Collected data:
-- Opening Marker --

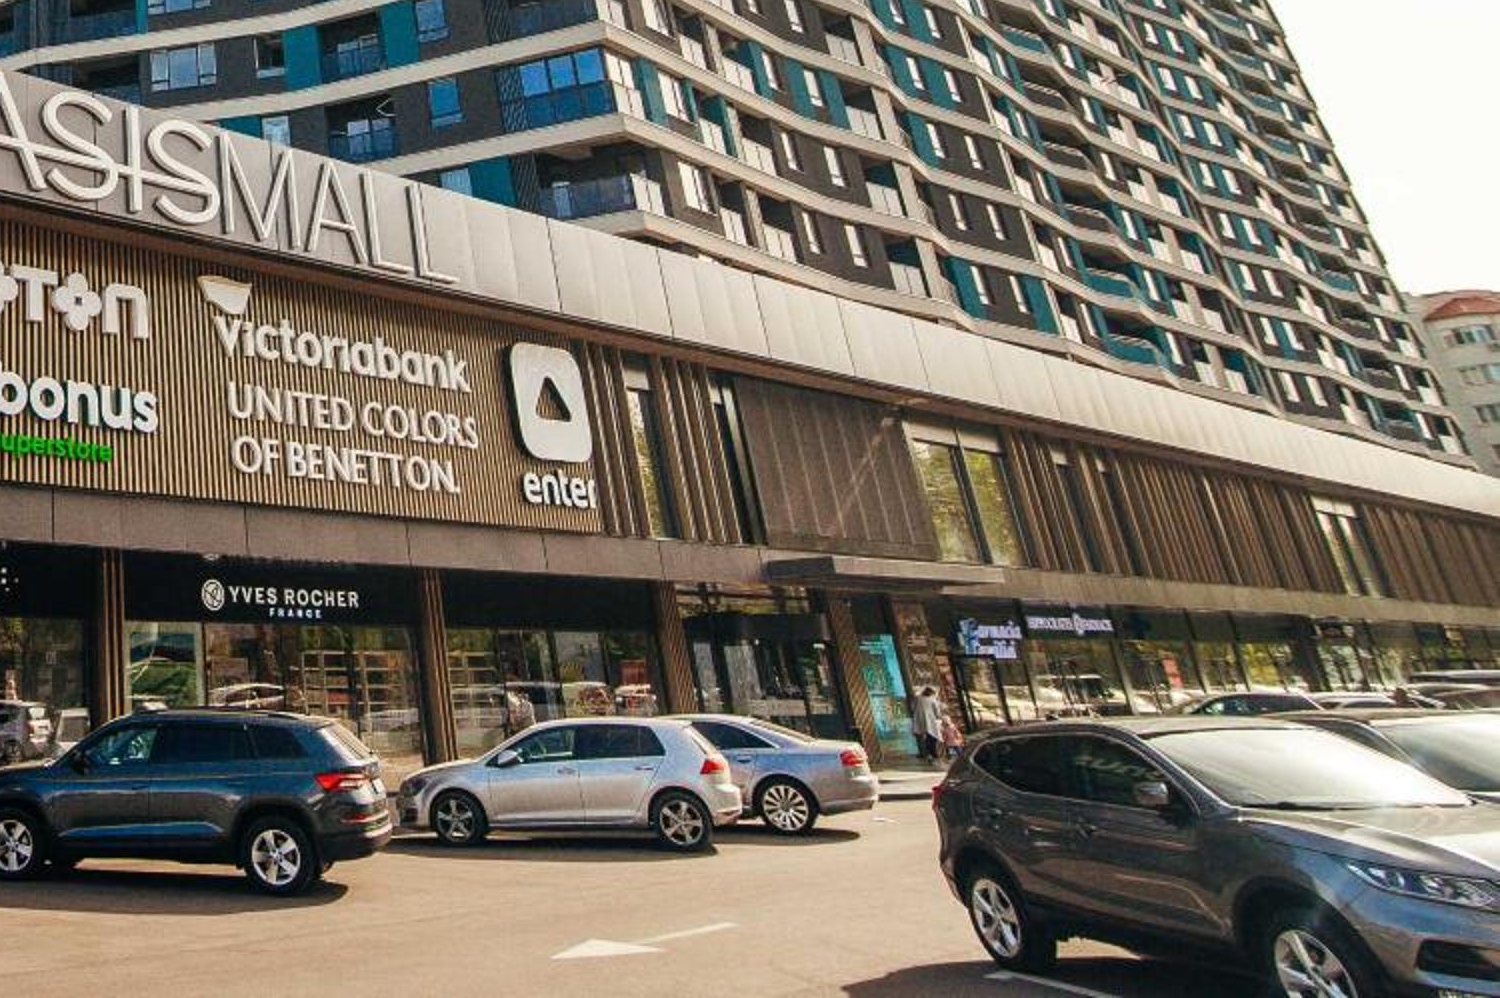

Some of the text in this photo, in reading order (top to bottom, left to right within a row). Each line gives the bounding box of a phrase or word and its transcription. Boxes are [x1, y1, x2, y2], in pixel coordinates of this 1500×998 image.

[227, 381, 480, 450] UNITED COLORS
[230, 435, 281, 476] OF
[523, 468, 597, 509] enter
[228, 585, 360, 609] YVES ROCHER
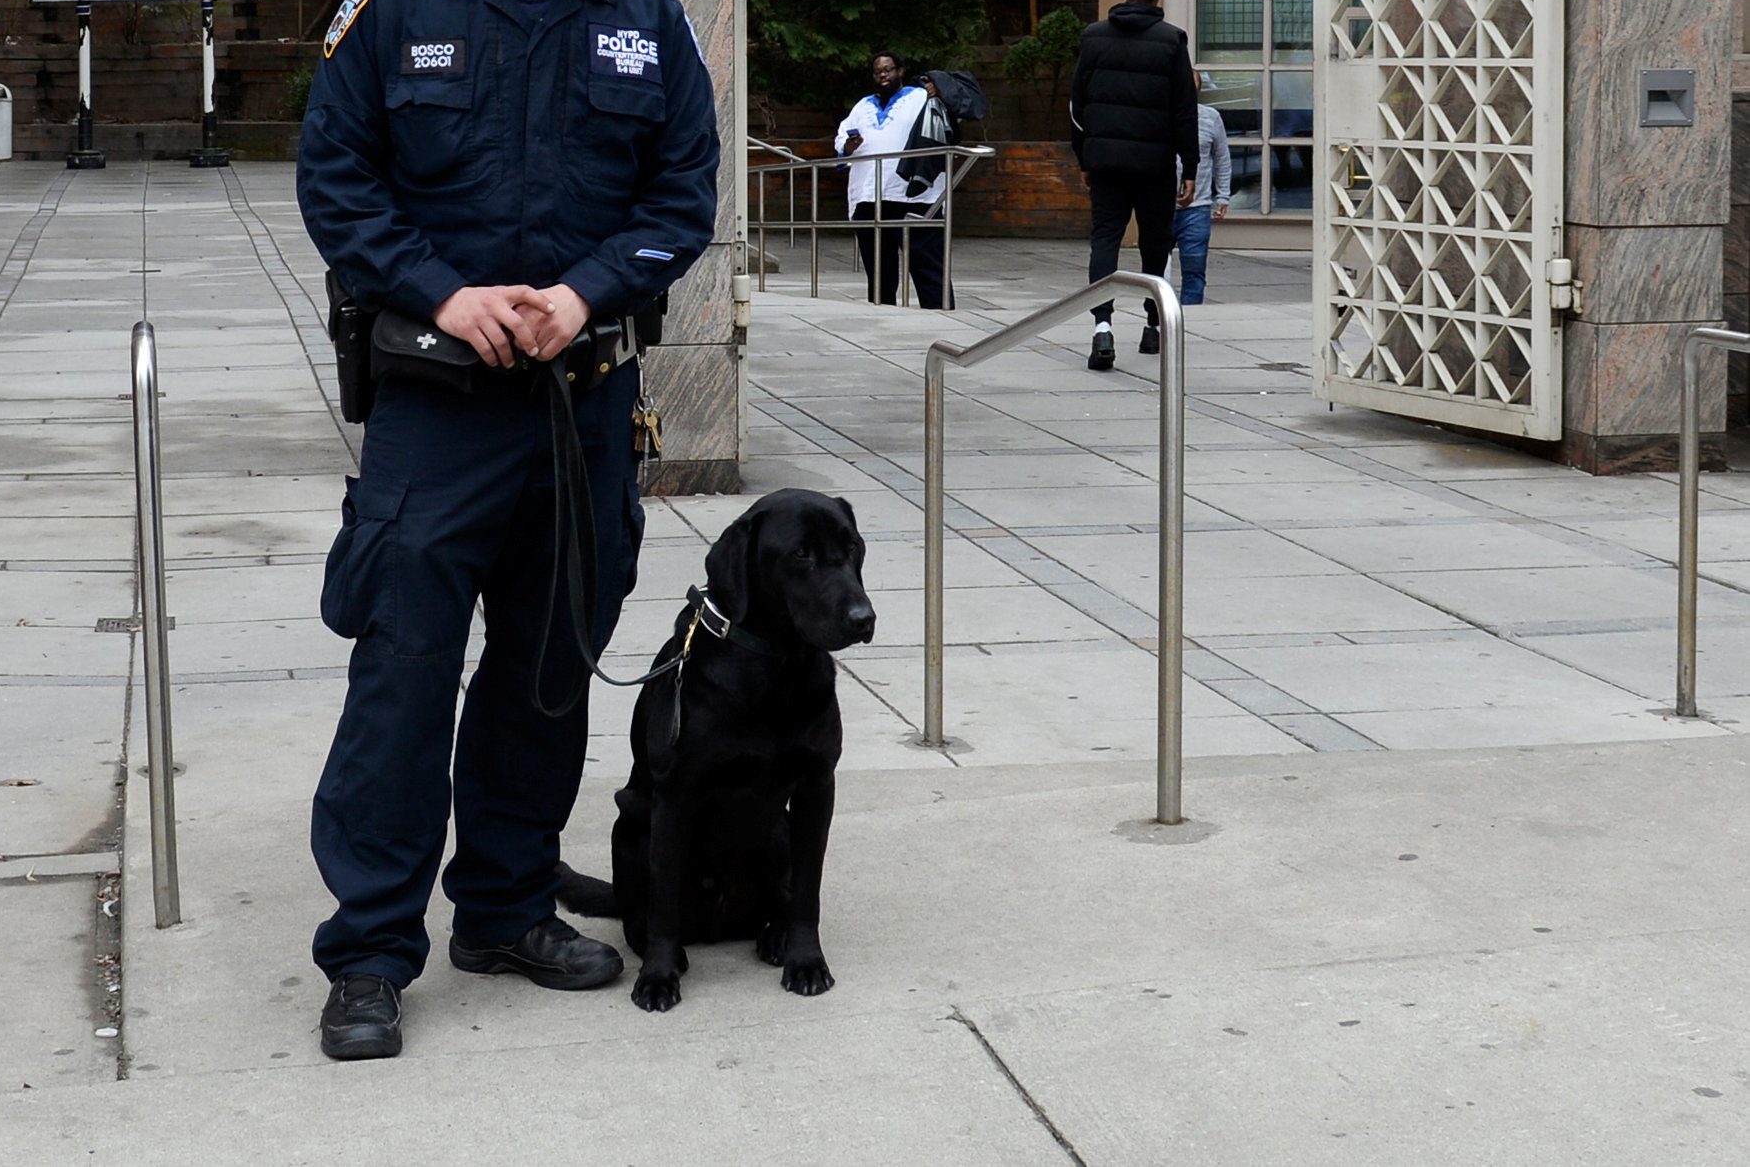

-- Closing Marker --

**WORK INSTRUCTION:** The response should repeat every entry above exactly and include none of the pictures.

**RESPONSE:**
Some of the text in this photo, in reading order (top to bottom, left to right within a row). Each line gives the bounding box of a phrase or word and its transcription. Boxes are [x1, y1, x2, y2], in pixel coordinates of this 1500×998 image.

[227, 381, 480, 450] UNITED COLORS
[230, 435, 281, 476] OF
[523, 468, 597, 509] enter
[228, 585, 360, 609] YVES ROCHER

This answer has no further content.